In June 2025, the United States launched airstrikes against Iranian nuclear facilities. Markets dropped sharply. Cable news went wall-to-wall. Social media filled with predictions of economic collapse. Retirement savers watched their portfolios fall and felt the primal urge to sell everything and move to cash.

This reaction is completely natural. It is also, historically speaking, almost always wrong.

The U.S. has been involved in wars, military strikes, and geopolitical crises continuously since 1945. Every single one triggered fear. Every single one saw markets recover. The investors who panicked and sold locked in losses. The investors who stayed the course came out ahead — often dramatically.

Post-WWII Conflicts: What Actually Happened to Markets

Korean War (1950–1953)

When North Korea invaded South Korea in June 1950, the S&P 500 dropped about 12% in three weeks. The conflict eventually drew in China, with 36,000 American combat deaths. It was a brutal, uncertain war with a real risk of nuclear escalation.

The S&P 500 over the full duration of the Korean War? Up roughly 60%. An investor who panicked on day one and sold would have missed one of the strongest bull runs of the decade. The market bottomed quickly, then climbed as the economy adapted to wartime production.

Vietnam War (1964–1975)

Vietnam was the longest and most divisive conflict of the 20th century for America. Over 58,000 Americans died. The war dragged on for over a decade, divided the country, and ultimately ended in withdrawal.

Yet the S&P 500 rose approximately 43% from the Gulf of Tonkin Resolution in August 1964 through the fall of Saigon in April 1975 — with significant volatility along the way.
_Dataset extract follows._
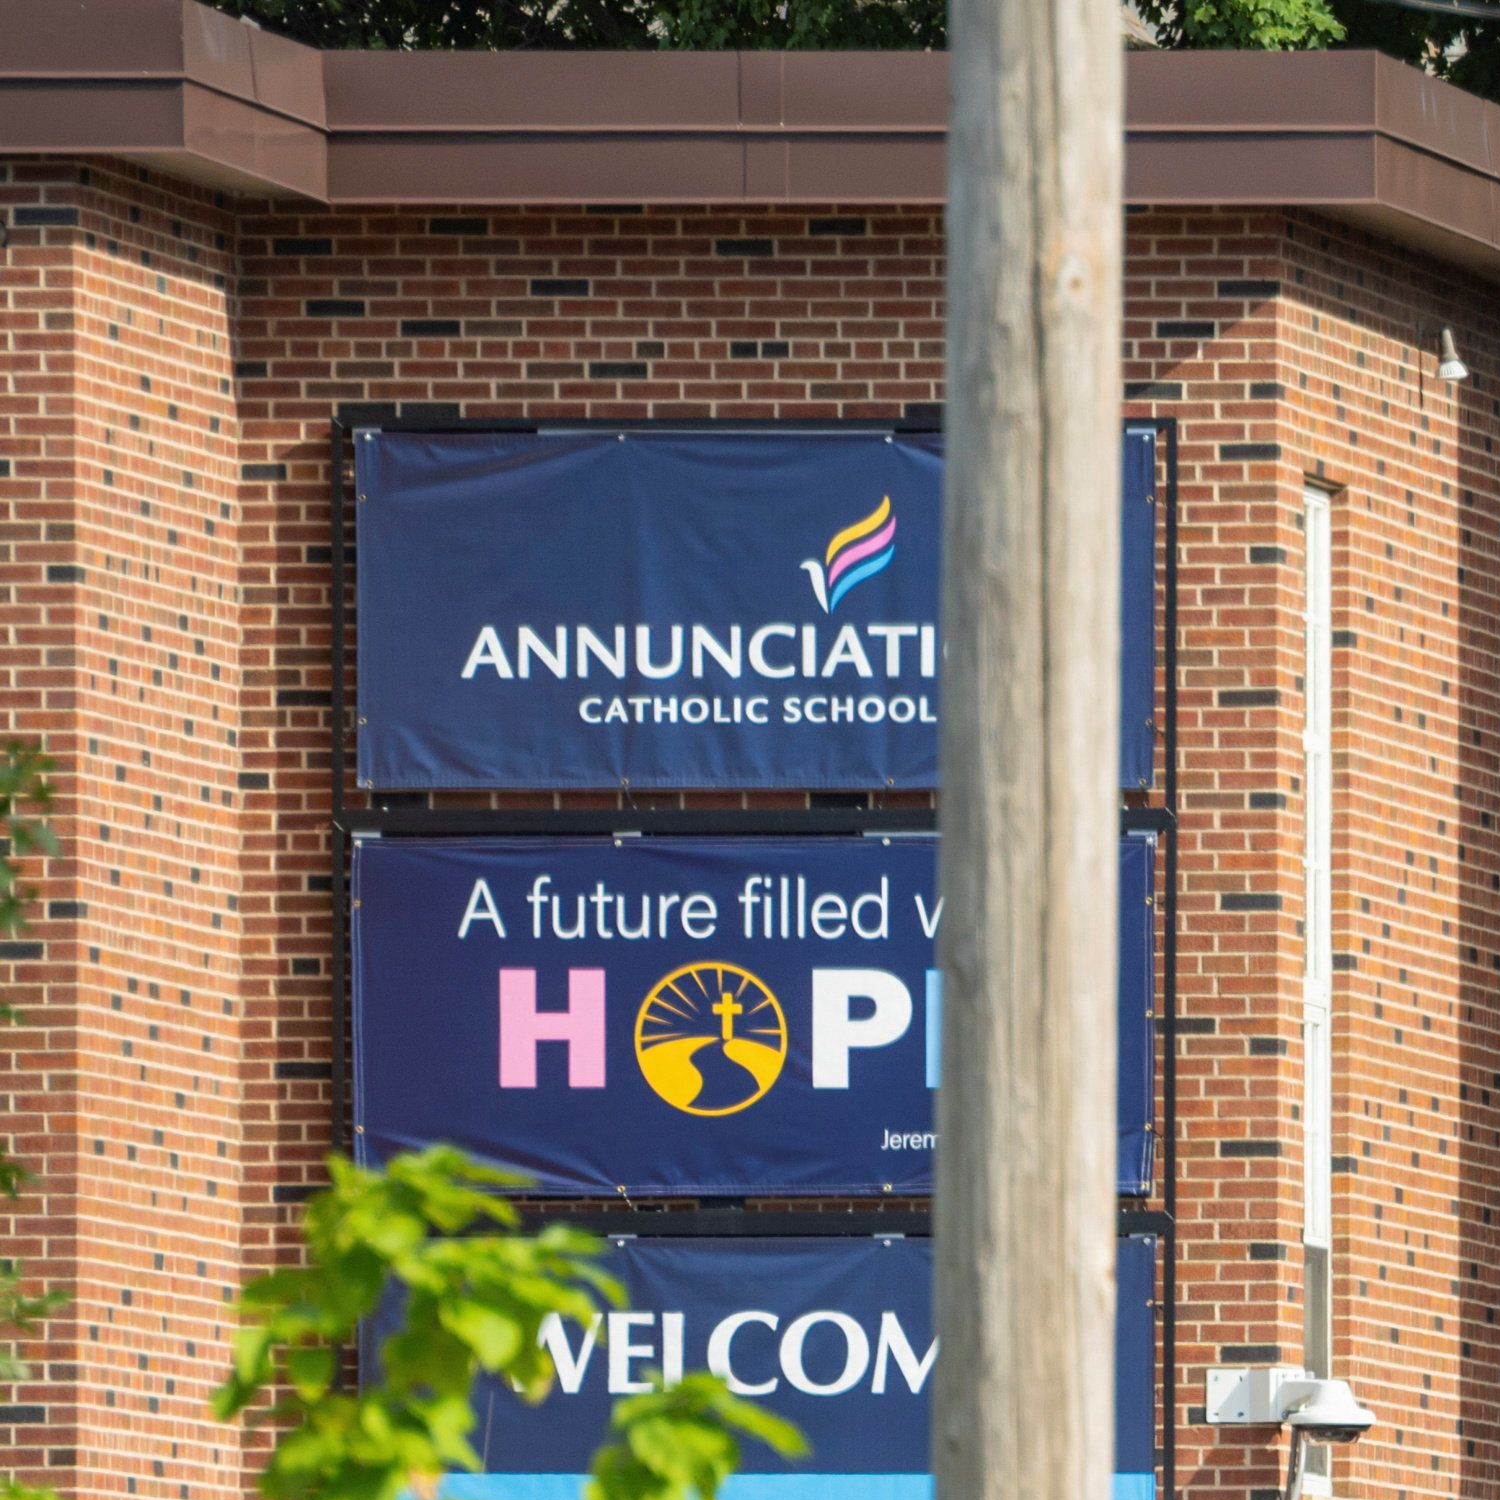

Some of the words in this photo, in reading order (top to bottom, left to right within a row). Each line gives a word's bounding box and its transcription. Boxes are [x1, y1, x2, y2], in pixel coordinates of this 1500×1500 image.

The real damage to portfolios during this era came not from the war itself but from the inflation and oil shocks of the 1970s that followed.

Six-Day War and Yom Kippur War (1967, 1973)

The Six-Day War in 1967 barely registered on U.S. markets — the S&P dipped less than 2% and recovered within days. The Yom Kippur War in 1973 was far more consequential, not because of the fighting itself, but because it triggered the OPEC oil embargo. Oil prices quadrupled, and the S&P 500 fell about 17% over the following year. But even that drop was fully recovered by 1976.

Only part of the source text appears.